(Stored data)
★ ★ ★
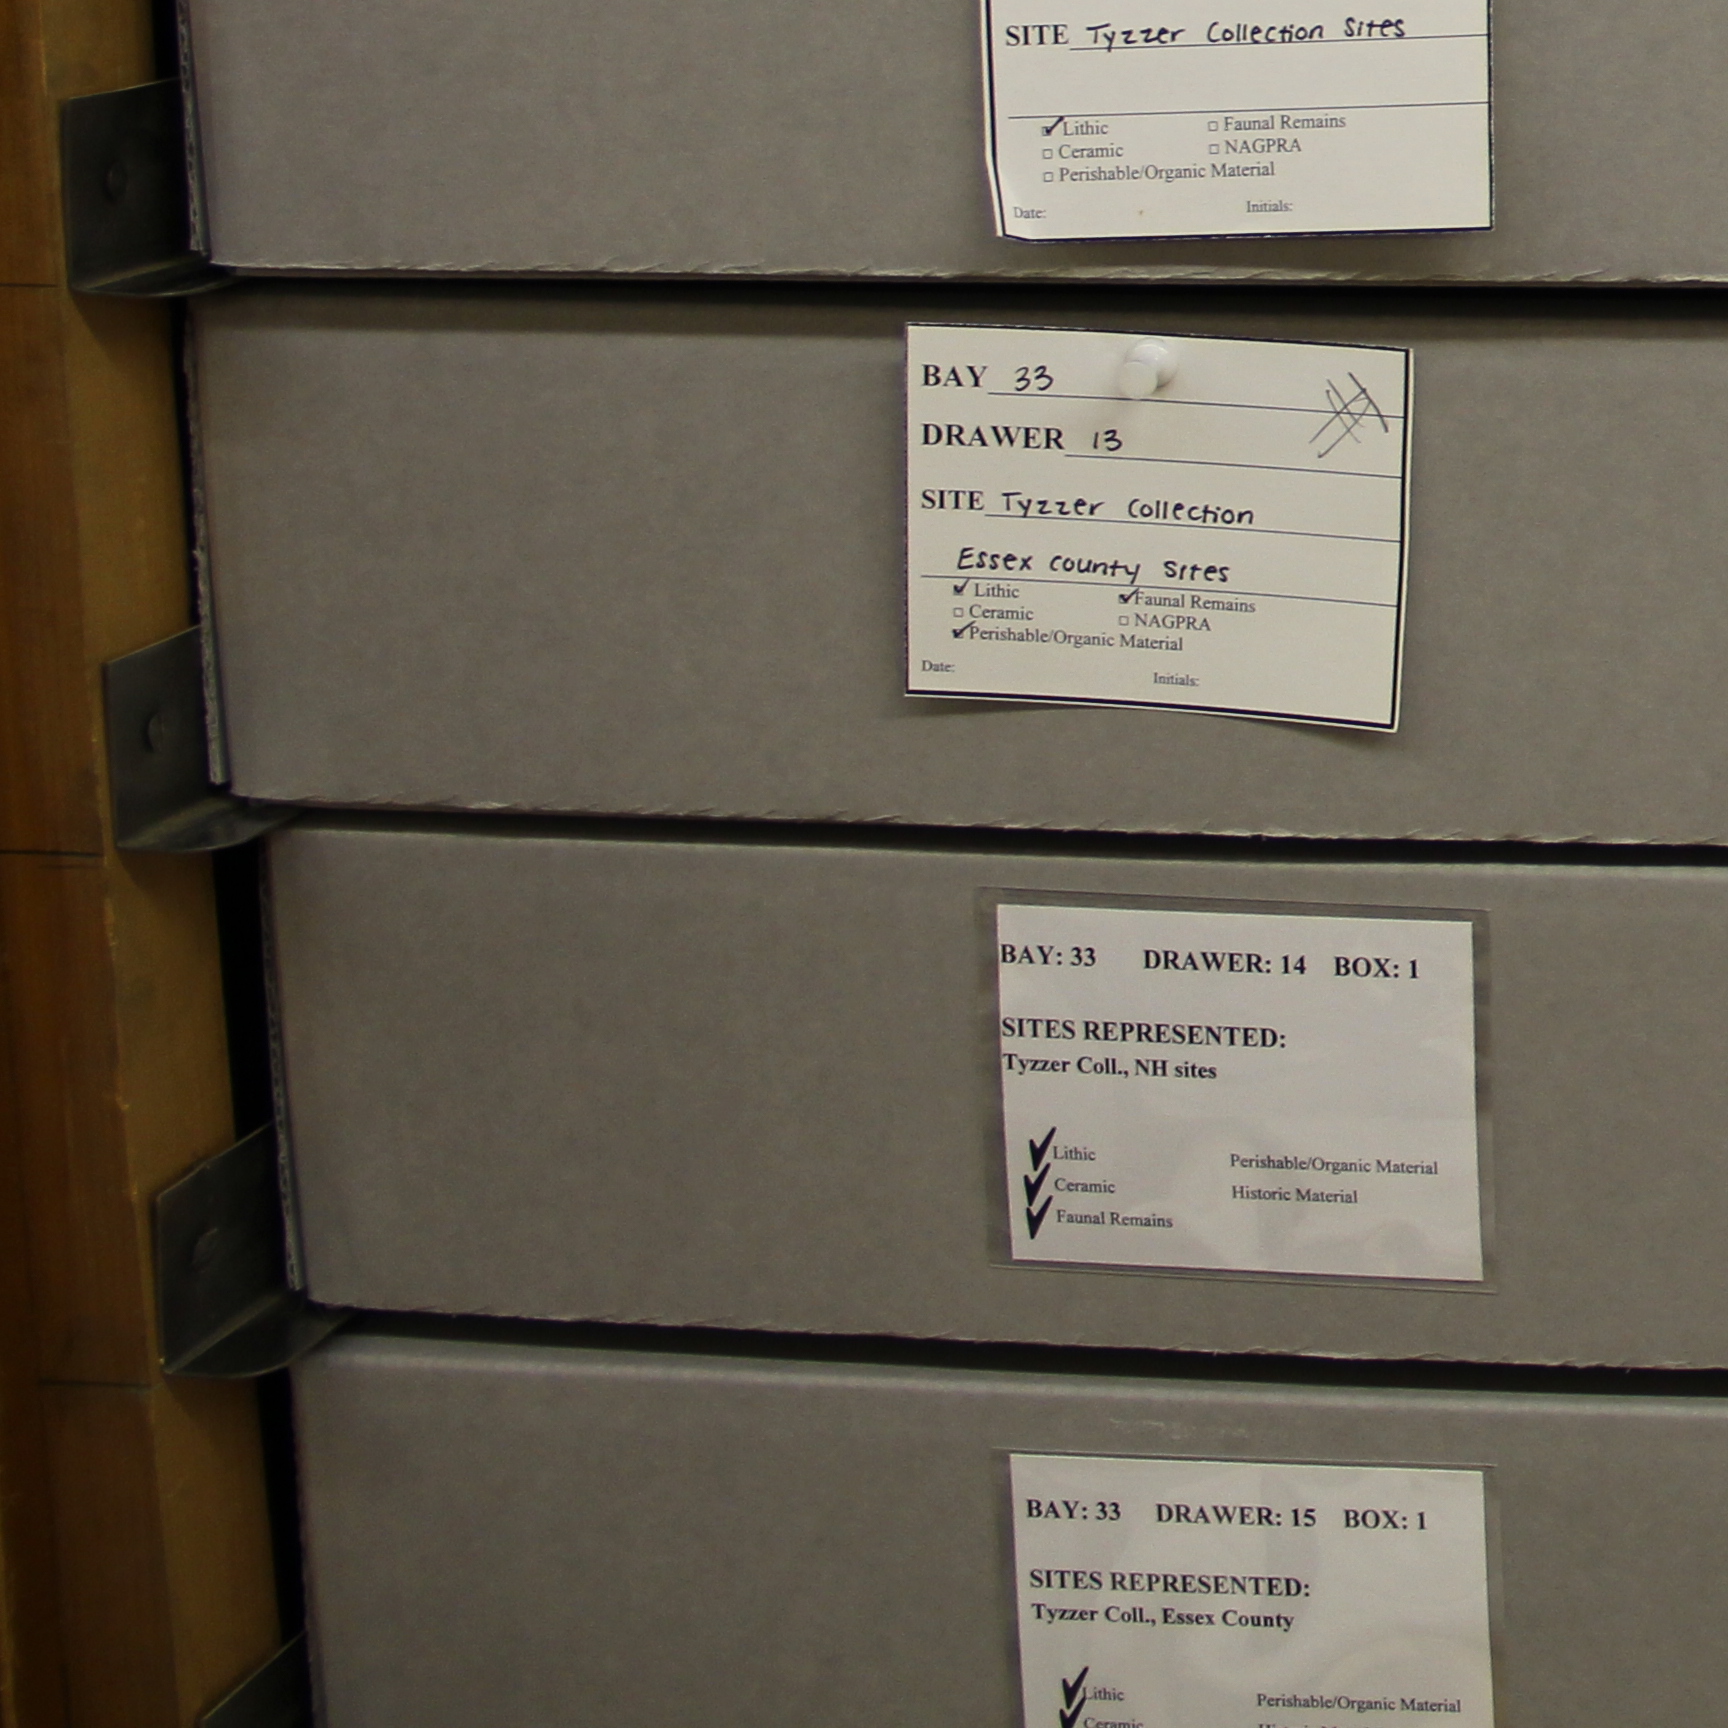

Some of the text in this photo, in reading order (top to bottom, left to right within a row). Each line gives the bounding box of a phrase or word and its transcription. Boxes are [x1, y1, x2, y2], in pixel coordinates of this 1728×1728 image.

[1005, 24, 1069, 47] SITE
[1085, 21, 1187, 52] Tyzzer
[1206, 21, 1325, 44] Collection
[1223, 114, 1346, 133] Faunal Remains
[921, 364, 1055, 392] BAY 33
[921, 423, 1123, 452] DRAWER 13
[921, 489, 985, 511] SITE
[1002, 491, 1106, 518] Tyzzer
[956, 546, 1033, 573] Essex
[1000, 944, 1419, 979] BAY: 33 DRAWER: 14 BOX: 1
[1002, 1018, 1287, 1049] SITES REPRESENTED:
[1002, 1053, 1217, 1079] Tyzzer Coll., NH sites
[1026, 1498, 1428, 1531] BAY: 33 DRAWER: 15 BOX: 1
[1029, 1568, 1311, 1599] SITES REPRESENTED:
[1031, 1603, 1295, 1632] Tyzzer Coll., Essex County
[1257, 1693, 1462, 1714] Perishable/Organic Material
★ ★ ★
- [ASSIGNMENT]
Word for word, copy every line of the data, excluding any pictures.

- [RESPONSE AREA]
Some of the text in this photo, in reading order (top to bottom, left to right within a row). Each line gives the bounding box of a phrase or word and its transcription. Boxes are [x1, y1, x2, y2], in pixel coordinates of this 1728×1728 image.

[1005, 24, 1069, 47] SITE
[1085, 21, 1187, 52] Tyzzer
[1206, 21, 1325, 44] Collection
[1223, 114, 1346, 133] Faunal Remains
[921, 364, 1055, 392] BAY 33
[921, 423, 1123, 452] DRAWER 13
[921, 489, 985, 511] SITE
[1002, 491, 1106, 518] Tyzzer
[956, 546, 1033, 573] Essex
[1000, 944, 1419, 979] BAY: 33 DRAWER: 14 BOX: 1
[1002, 1018, 1287, 1049] SITES REPRESENTED:
[1002, 1053, 1217, 1079] Tyzzer Coll., NH sites
[1026, 1498, 1428, 1531] BAY: 33 DRAWER: 15 BOX: 1
[1029, 1568, 1311, 1599] SITES REPRESENTED:
[1031, 1603, 1295, 1632] Tyzzer Coll., Essex County
[1257, 1693, 1462, 1714] Perishable/Organic Material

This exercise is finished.